AlexNet won ImageNet competition by a huge margin, triggering the deep learning revolution
Context: At the 2012 ImageNet Large Scale Visual Recognition Challenge (ILSVRC), students Alex Krizhevsky and Ilya Sutskever under Hinton's supervision developed AlexNet, an 8-layer deep convolutional neural network trained on GPUs. The best methods at the time (traditional computer vision features + SVM) had error rates around 26%.
Decision: Used GPU parallel computing to train deep convolutional networks, combining ReLU activation functions, Dropout regularization, and data augmentation to build the deepest convolutional neural network of the time and enter the competition.
Reasoning: GPU parallel computing made training large neural networks feasible in time. ReLU replacing Sigmoid solved the vanishing gradient problem. Dropout prevented overfitting.
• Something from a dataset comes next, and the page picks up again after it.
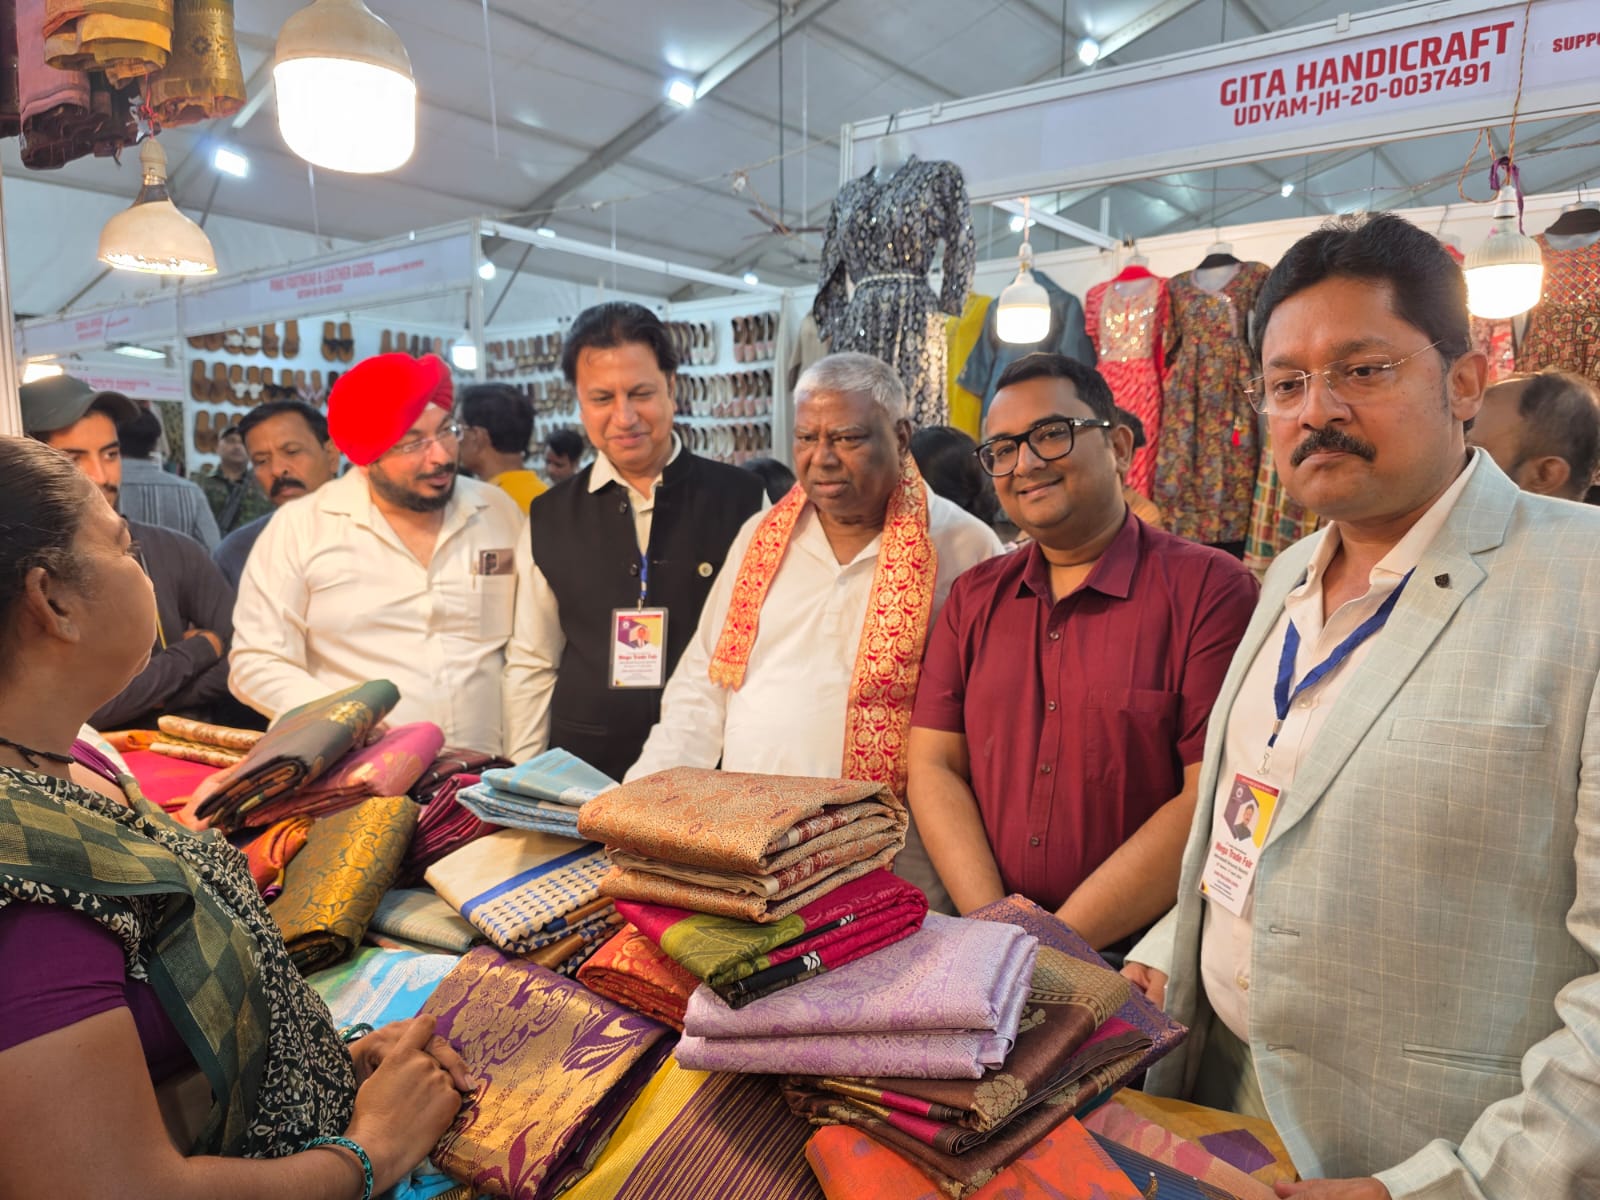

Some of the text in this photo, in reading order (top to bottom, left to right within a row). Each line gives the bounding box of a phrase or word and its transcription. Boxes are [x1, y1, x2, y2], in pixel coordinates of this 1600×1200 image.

These three engineering innovations combined to give deep networks their first overwhelming advantage on large-scale visual tasks.
Outcome: AlexNet won with a 15.3% error rate, 10.8 percentage points lower than second place—an unprecedented margin in competition history. This result shocked the entire computer vision and machine learning community, triggering a full-scale explosion of deep learning; Google, Facebook, Microsoft, and other tech giants immediately invested heavily in deep learning research.
Lesson: Technology revolutions are often triggered by the synergy of multiple engineering innovations, not a single breakthrough. The combination of GPU+ReLU+Dropout+big data—each insufficient alone to trigger a revolution—combined to produce a qualitative change. Timing is as important as technology.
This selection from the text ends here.